The players navigate the simulations and their progress is based on how an action will impact the community's environmental and sociological interests. There is even a facility that allows players to communicate with either other players exploring the same decisions or IBM industry experts. When the game launched, IBM said more than 8,000 preregistered to use CityOne. The U.S. Environmental Protection Agency even took part in the development. Here's a statement from Andy Miller, chief of the atmospheric protection branch for EPA Research and Development:
"Creating greater awareness and educating the public about protecting human health and the environment is an EPA priority, and serious games can be useful tools for users to learn about processes and systems reflective of the real world. By cooperating with IBM CityOne developers, EPA is helping users by allowing them to more thoroughly investigate environmental issues and better understand complex energy and water interactions presented in the games. EPA's collaboration in this project will help increase awareness and understanding of how different choices that are made in the various game scenarios affect environmental outcomes."
The other community that I'll bring to your attention today is MiniMonos, an environmentally focused social network and gaming community for children that was started in 2007 by a New Zealand mom-preneur named Melissa Clark-Reynolds. The target age range is 6 through 12, and the community is closely moderated.

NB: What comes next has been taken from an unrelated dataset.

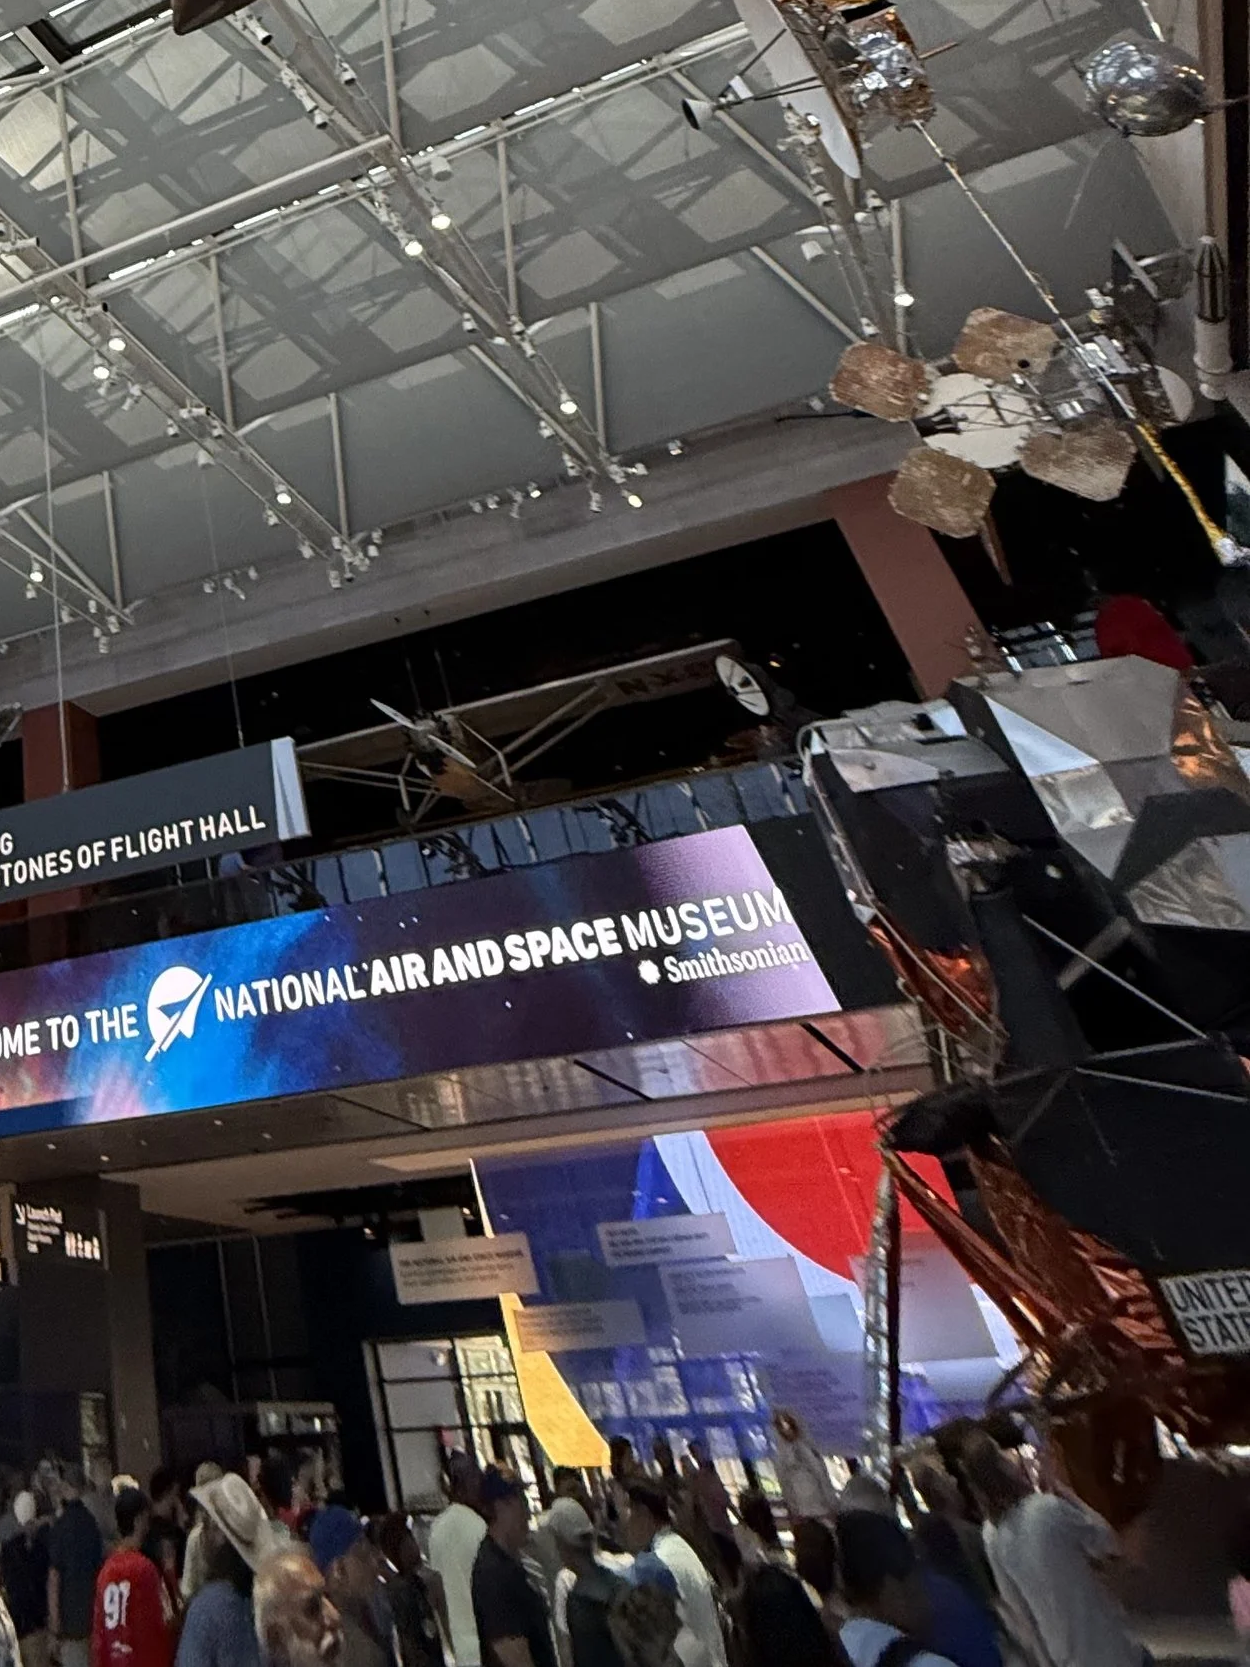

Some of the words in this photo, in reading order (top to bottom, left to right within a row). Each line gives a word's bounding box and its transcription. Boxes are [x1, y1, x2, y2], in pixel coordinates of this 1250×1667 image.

MiniMonos members create monkey avatars that roam an island and participate in activities, such as recycling, that have consequences on their score and standing. For example, if you don't play the game long enough, your treehouse will get messing. There are about a half-dozen different games within the MiniMonos virtual world. Yu can take compost generated by your avatar over to a garden, where it will accelerate crop growth. For those who are scatalogically inclined, there's a target accuracy game called Tic Tac Poo. "There are consequences involved with not taking some action here or another," says MiniMonos chief marketing officer, Kaila Colbin.
Colbin says there are currently 44,000 members who spend an average of two hours per week playing MiniMonos games. The United States is the community's second-biggest contributor of members, after New Zealand, but she expects the two countries to swap places over time.
Members earn "banana points" for reaching certain levels. When children reach gold member status, the company dominates clean water to schoolchildren in India. Colbin says the community can do this thanks to corporate sponsors. The first sponsorship, which covers 10,000 gold membership, is from Meredian Energy, a New Zealand renewable energy company with interests in the United States and Australia.